WORK INSTRUCTIONS: All of the records below must be output exactly, with no pictures carried over.
=== Section Start ===
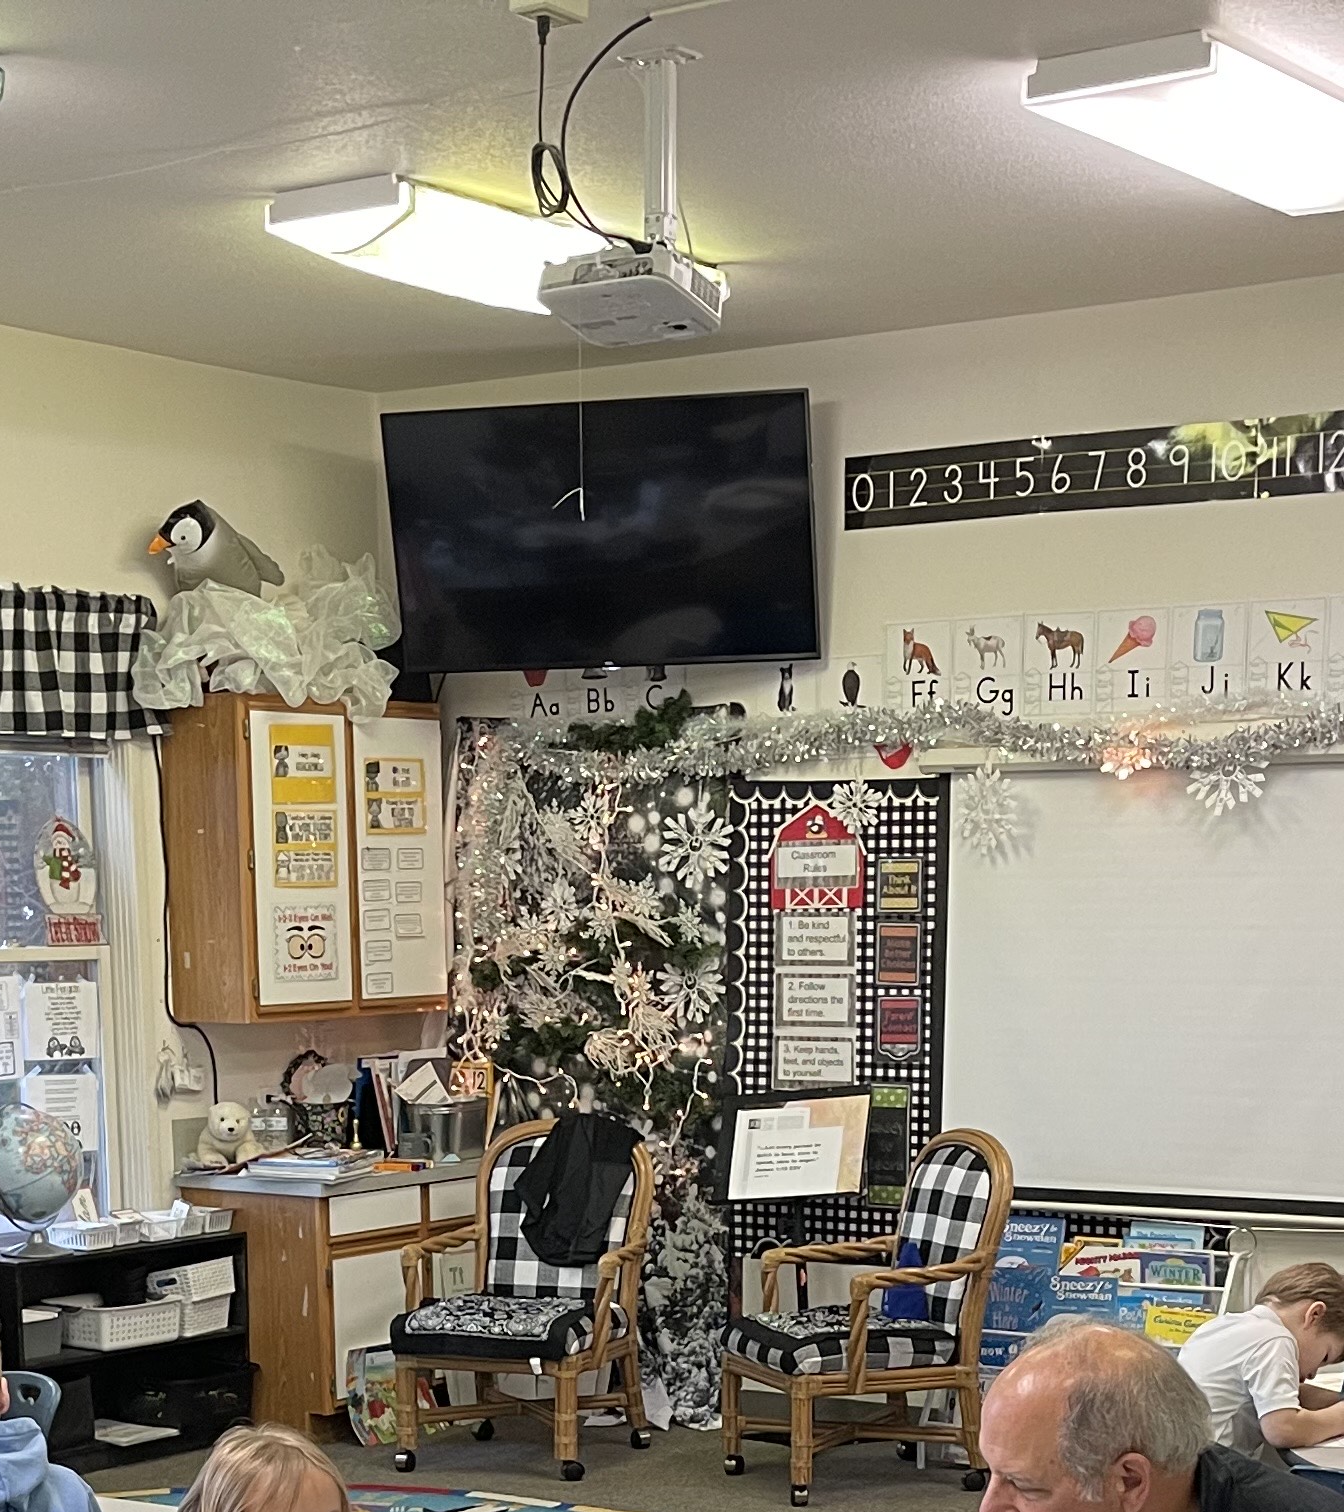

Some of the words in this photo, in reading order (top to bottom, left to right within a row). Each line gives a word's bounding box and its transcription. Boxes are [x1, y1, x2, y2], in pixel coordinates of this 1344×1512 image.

[852, 474, 873, 511] 0
[889, 471, 894, 508] 1
[909, 468, 928, 508] 2
[943, 465, 963, 503] 3
[978, 461, 999, 499] 4
[1016, 457, 1035, 497] 5
[1051, 454, 1071, 494] 6
[1088, 451, 1106, 490] 7
[1126, 448, 1147, 488] 8
[1169, 445, 1189, 484] 9
[1210, 440, 1246, 482] 10
[1271, 436, 1291, 477] 11
[912, 679, 938, 707] Ff
[976, 677, 1014, 716] Gg
[1048, 672, 1084, 700] Hh
[1127, 669, 1151, 698] Ii
[1277, 661, 1312, 691] Kk
[531, 693, 560, 718] Aa
[586, 688, 615, 714] Bb
[791, 850, 836, 860] Classroom
[803, 864, 828, 873] Rules
[798, 920, 810, 929] Be
[812, 920, 830, 930] kind
[787, 934, 804, 942] and
[806, 933, 847, 944] respectful
[787, 948, 796, 956] to
[799, 981, 826, 991] Follow
[788, 995, 829, 1004] directions
[831, 995, 844, 1004] the
[788, 1007, 803, 1017] first
[794, 1045, 814, 1055] Keep
[817, 1058, 844, 1067] objects
[472, 1071, 485, 1090] 12
[1004, 1232, 1056, 1244] Snowman
[1150, 1265, 1201, 1280] WINTER
[1050, 1275, 1104, 1293] Sneezy
[990, 1281, 1030, 1303] Winter
[1056, 1290, 1112, 1301] Snowman
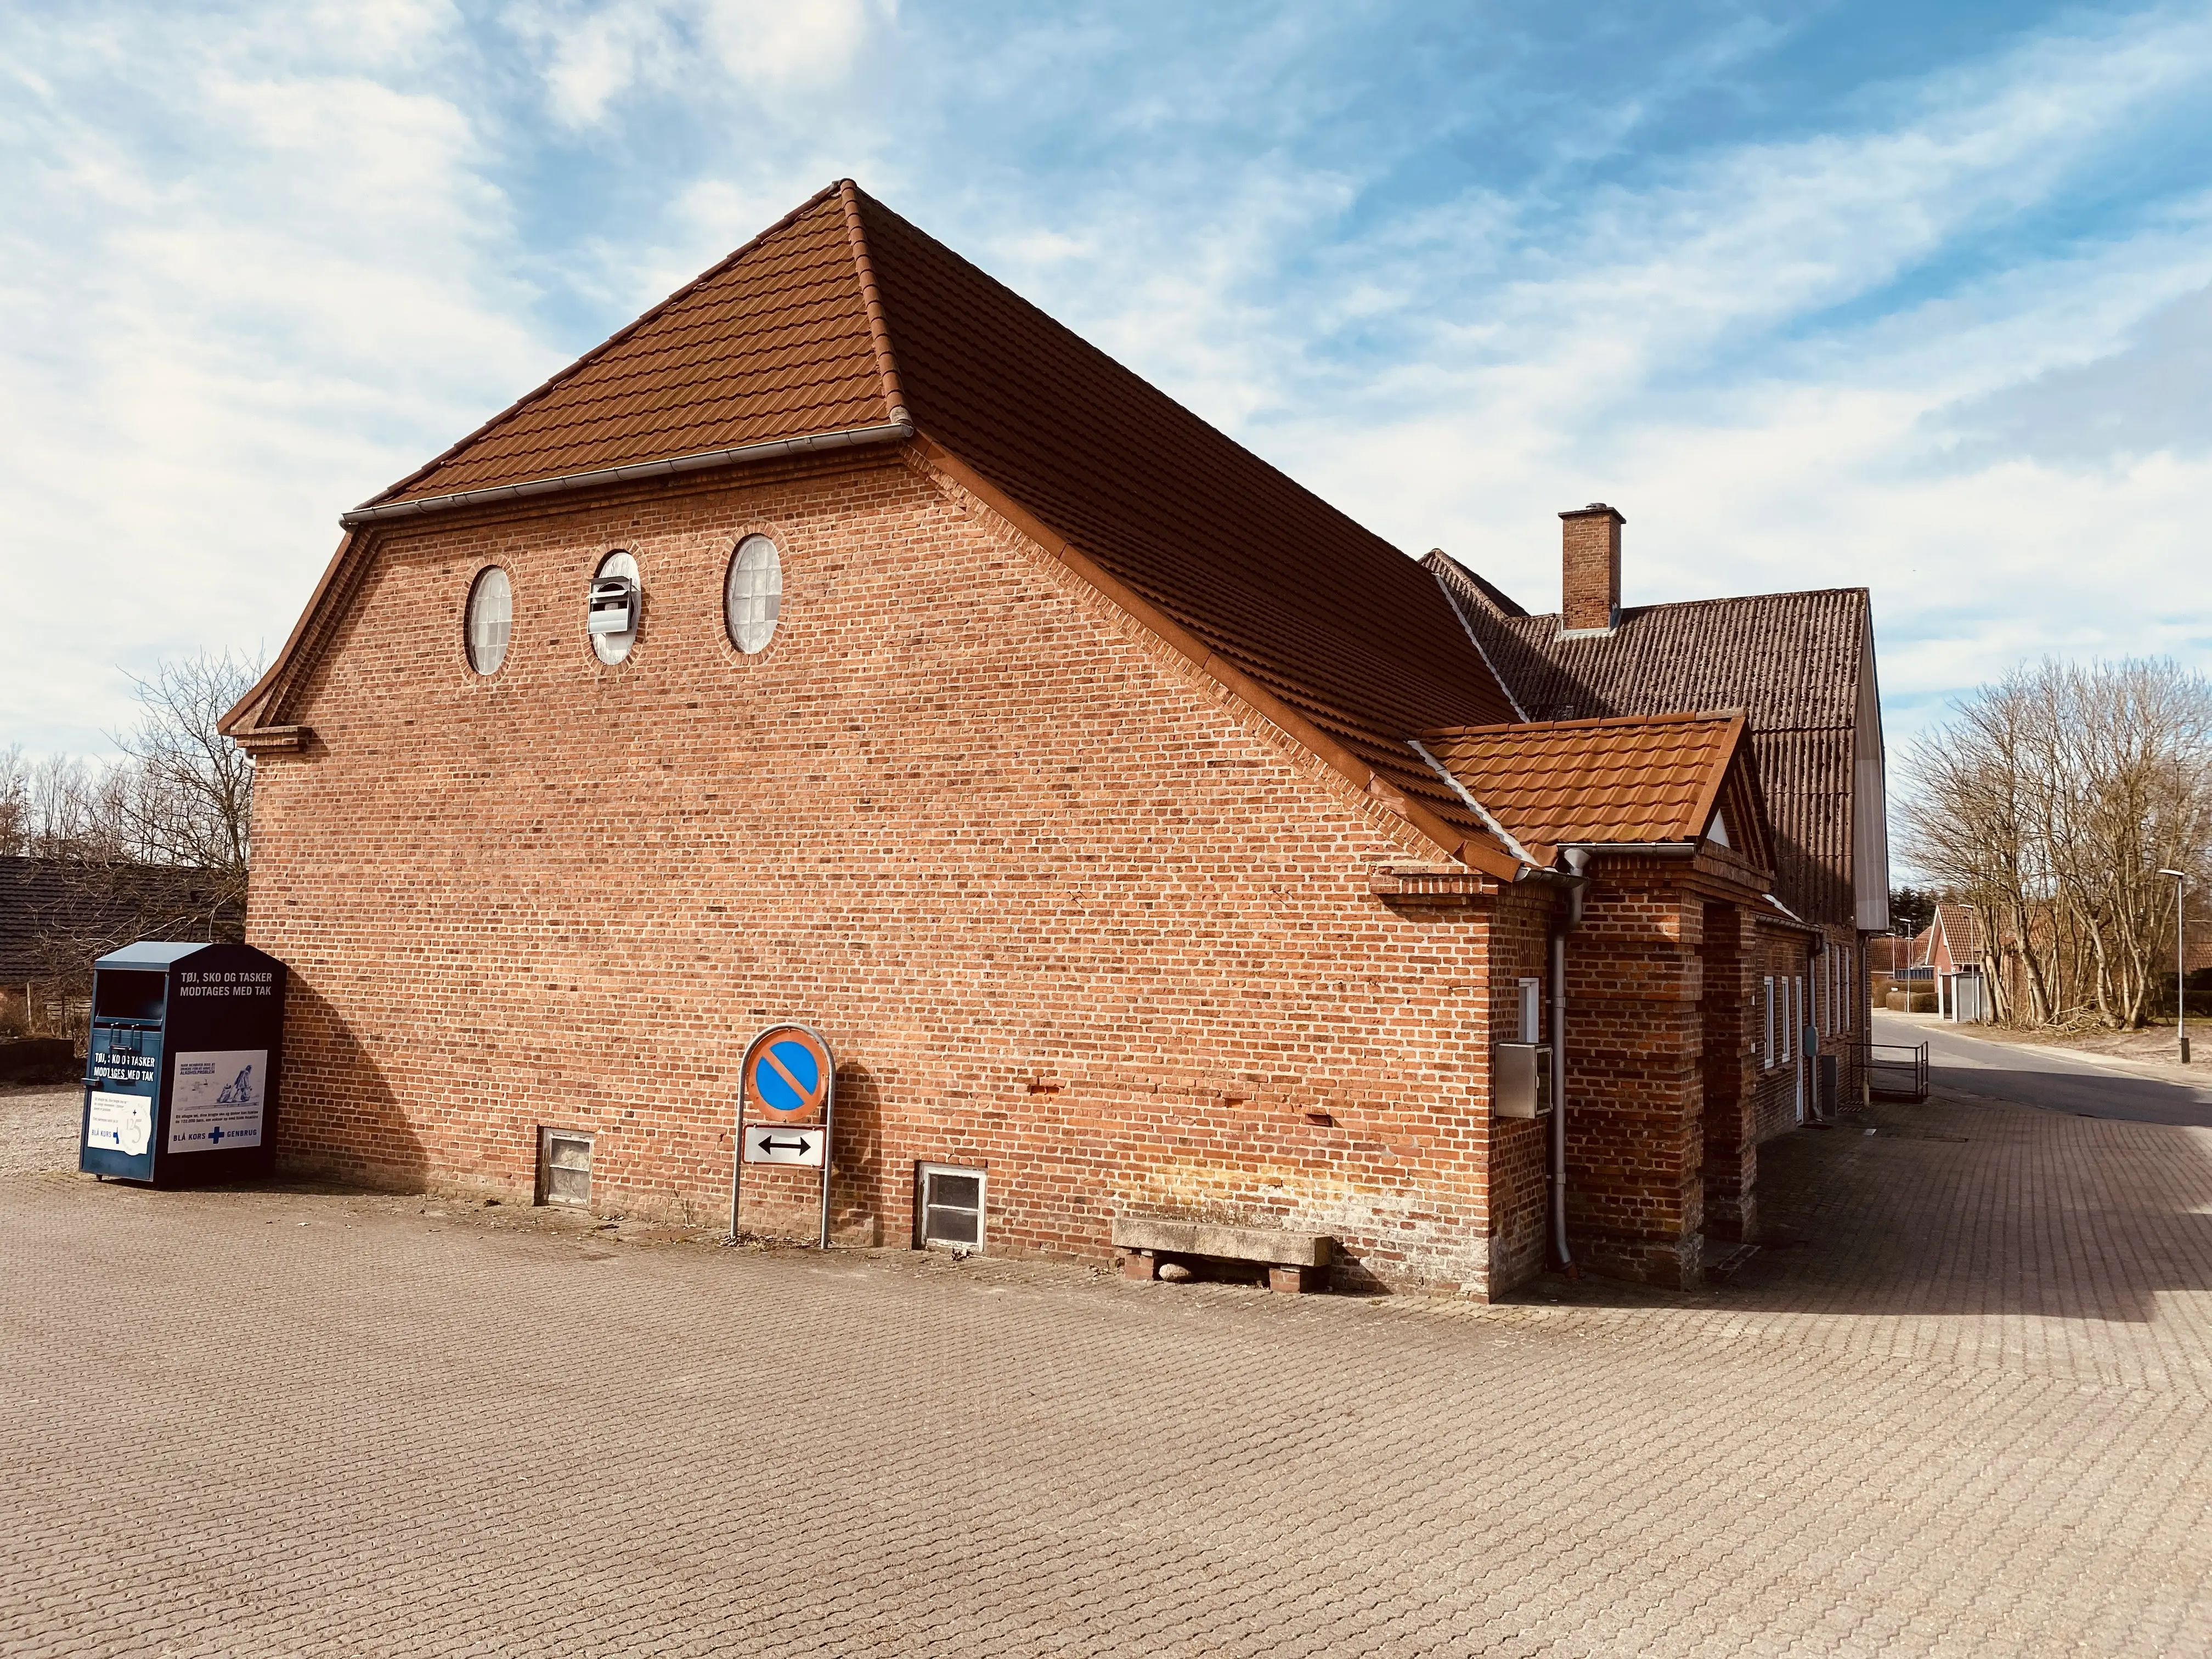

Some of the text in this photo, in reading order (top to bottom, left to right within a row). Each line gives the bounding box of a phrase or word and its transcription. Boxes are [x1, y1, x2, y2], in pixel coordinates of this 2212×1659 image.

[181, 972, 272, 984] TØJ, SKO OG TASKER
[180, 986, 271, 996] MODTAGES MED TAK
[95, 1052, 106, 1064] TØJ,
[131, 1056, 155, 1067] TASKER
[142, 1071, 154, 1081] TAK
[173, 1132, 185, 1142] BLÅ
[227, 1129, 257, 1137] GENBRUG
=== Section End ===
TASK RESULT:
Some of the words in this photo, in reading order (top to bottom, left to right within a row). Each line gives a word's bounding box and its transcription. Boxes are [x1, y1, x2, y2], in pixel coordinates of this 1344×1512 image.

[852, 474, 873, 511] 0
[889, 471, 894, 508] 1
[909, 468, 928, 508] 2
[943, 465, 963, 503] 3
[978, 461, 999, 499] 4
[1016, 457, 1035, 497] 5
[1051, 454, 1071, 494] 6
[1088, 451, 1106, 490] 7
[1126, 448, 1147, 488] 8
[1169, 445, 1189, 484] 9
[1210, 440, 1246, 482] 10
[1271, 436, 1291, 477] 11
[912, 679, 938, 707] Ff
[976, 677, 1014, 716] Gg
[1048, 672, 1084, 700] Hh
[1127, 669, 1151, 698] Ii
[1277, 661, 1312, 691] Kk
[531, 693, 560, 718] Aa
[586, 688, 615, 714] Bb
[791, 850, 836, 860] Classroom
[803, 864, 828, 873] Rules
[798, 920, 810, 929] Be
[812, 920, 830, 930] kind
[787, 934, 804, 942] and
[806, 933, 847, 944] respectful
[787, 948, 796, 956] to
[799, 981, 826, 991] Follow
[788, 995, 829, 1004] directions
[831, 995, 844, 1004] the
[788, 1007, 803, 1017] first
[794, 1045, 814, 1055] Keep
[817, 1058, 844, 1067] objects
[472, 1071, 485, 1090] 12
[1004, 1232, 1056, 1244] Snowman
[1150, 1265, 1201, 1280] WINTER
[1050, 1275, 1104, 1293] Sneezy
[990, 1281, 1030, 1303] Winter
[1056, 1290, 1112, 1301] Snowman

Some of the text in this photo, in reading order (top to bottom, left to right within a row). Each line gives the bounding box of a phrase or word and its transcription. Boxes are [x1, y1, x2, y2], in pixel coordinates of this 2212×1659 image.

[181, 972, 272, 984] TØJ, SKO OG TASKER
[180, 986, 271, 996] MODTAGES MED TAK
[95, 1052, 106, 1064] TØJ,
[131, 1056, 155, 1067] TASKER
[142, 1071, 154, 1081] TAK
[173, 1132, 185, 1142] BLÅ
[227, 1129, 257, 1137] GENBRUG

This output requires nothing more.